The man mumbles yes and then leaves with his purchase forgetting his change.
"Drunk son of a bitch," the clerk spits venomously. "You see what I have to put up with all night?"
I nod in agreement knowing all too well. I was once like that dingy fellow with the twelve-pack of beer and the crumpled mass of ones. I purchased my drink and then walked up the few hundred yards to my favorite spot in the little park across from the mill – my quiet place of contemplation. I sat as I mulled over the previous day's events.
My support group went okay. Only three people showed and two of them were me and Rosa. The other lady named Mary is such a kind soul and was very understanding of ours being a fledgling group. I promised her things would pick up over time.

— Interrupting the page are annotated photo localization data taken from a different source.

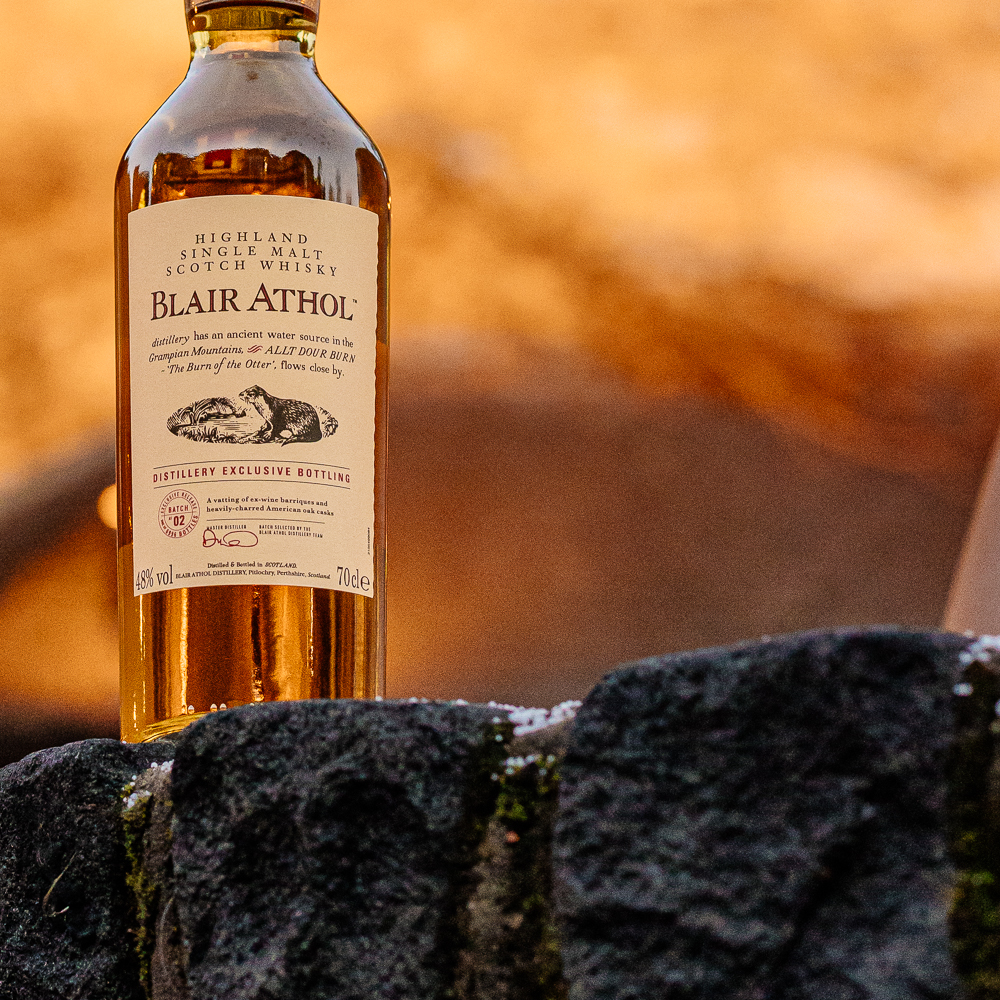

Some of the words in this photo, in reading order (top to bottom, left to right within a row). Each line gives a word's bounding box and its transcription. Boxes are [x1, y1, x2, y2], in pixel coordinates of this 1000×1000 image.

[195, 232, 308, 244] HIGHLAND
[180, 246, 256, 260] SINGLE
[271, 246, 323, 260] MALT
[166, 260, 246, 276] SCOTCH
[260, 260, 338, 277] WHISKY
[151, 288, 241, 321] BLAIR
[152, 335, 189, 347] distillery
[194, 331, 208, 340] has
[227, 330, 262, 338] ancient
[300, 334, 329, 343] source
[333, 336, 340, 345] in
[342, 337, 353, 348] the
[149, 349, 189, 363] Grampian
[191, 345, 243, 356] Mountains,
[265, 346, 297, 355] ALLT
[298, 347, 327, 358] DOUR
[330, 350, 356, 363] BURN
[187, 362, 211, 372] Burn
[214, 357, 226, 374] of
[227, 360, 241, 368] the
[281, 360, 305, 370] flows
[310, 363, 329, 373] close
[333, 364, 344, 379] by.
[153, 466, 216, 483] DISTILLERY
[222, 466, 291, 476] EXCLUSIVE
[298, 468, 351, 483] BOTTLING
[280, 497, 314, 505] barriques
[174, 515, 185, 526] 02
[179, 515, 198, 537] BOTTLES
[136, 567, 154, 590] 48%
[156, 564, 173, 586] vol

"Rosa, I am worried there are just not enough crazy people in the Valley to support a group like this," I said, driving us home afterwards.
Something about what I said struck Rosa as funny and she laughed.

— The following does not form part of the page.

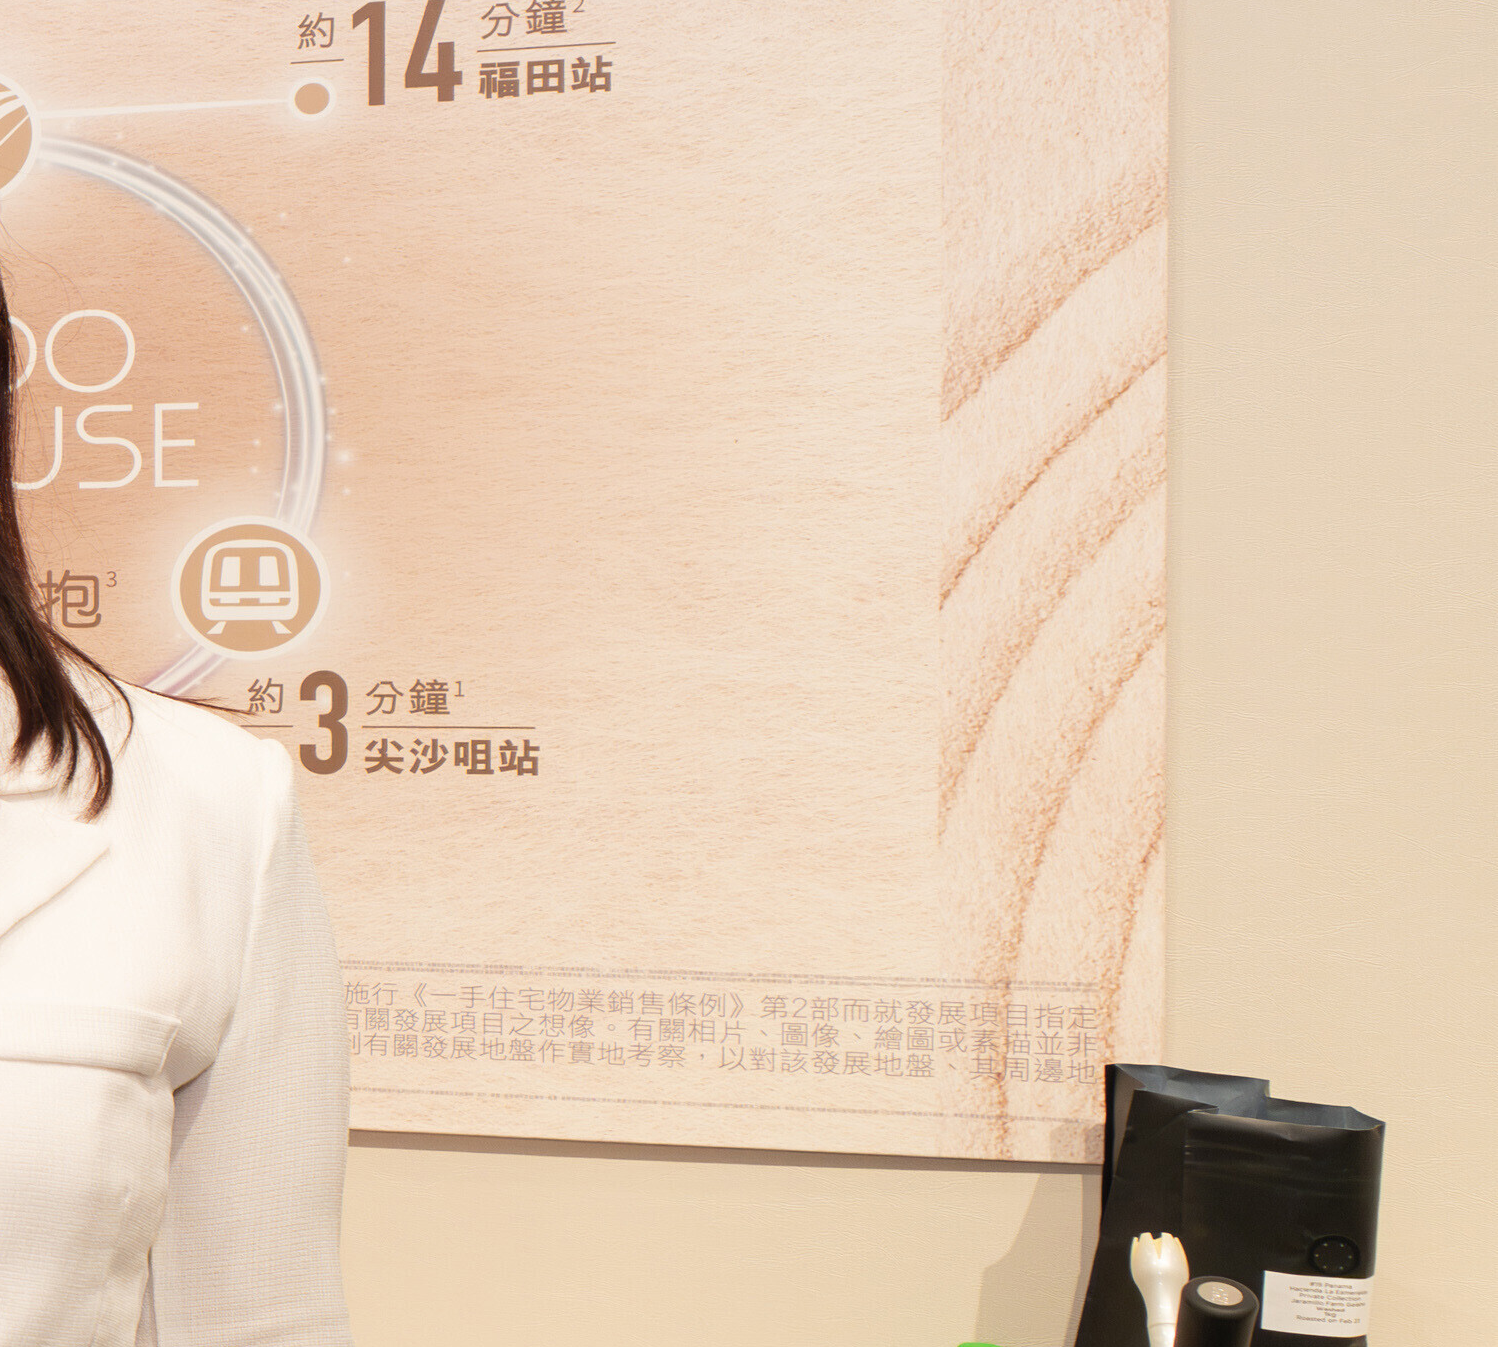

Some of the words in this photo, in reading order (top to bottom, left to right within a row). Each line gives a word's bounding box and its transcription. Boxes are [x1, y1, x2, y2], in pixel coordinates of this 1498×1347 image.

"Oh, I think there are enough crazy people to go around. They just need to find you and many are in denial," she replied.

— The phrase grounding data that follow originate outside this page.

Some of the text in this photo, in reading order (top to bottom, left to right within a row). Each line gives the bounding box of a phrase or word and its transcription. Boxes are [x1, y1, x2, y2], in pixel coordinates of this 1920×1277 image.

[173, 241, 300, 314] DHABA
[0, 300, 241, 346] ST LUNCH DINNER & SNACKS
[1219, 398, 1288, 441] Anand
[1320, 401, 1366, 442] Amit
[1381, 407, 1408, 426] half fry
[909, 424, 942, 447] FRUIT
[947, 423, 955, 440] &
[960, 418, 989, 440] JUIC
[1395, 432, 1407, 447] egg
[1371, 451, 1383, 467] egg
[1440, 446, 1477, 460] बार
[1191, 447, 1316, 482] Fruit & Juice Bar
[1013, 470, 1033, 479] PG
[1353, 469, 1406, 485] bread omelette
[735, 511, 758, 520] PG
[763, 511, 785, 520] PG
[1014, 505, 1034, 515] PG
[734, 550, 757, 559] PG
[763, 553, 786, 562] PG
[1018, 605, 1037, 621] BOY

In this day of Prozac, Wellbutrin, and atypical antipsychotics, maybe people have found their panacea in drugs. Maybe support groups are passé. It genuinely worried me.
"You know that old Kevin Costner movie about baseball?" Rosa then asked.
"Field of Dreams?"
"Yeah," Rosa said, borrowing from the movie. "You start it and they will come. Just give it time."
I liked that analogy I thought as I swung through town to take Rosa home. I am building my own field or room of dreams. It certainly is a dream of mine to have a thriving group of mentally interesting people coming together in friendship and with a common cause to help each other. Maybe next week will bring more to the meeting. We need some kind of critical mass to build for it to grow. I believe these small groups are intimidating to newcomers. I know they would be for me and my social anxieties.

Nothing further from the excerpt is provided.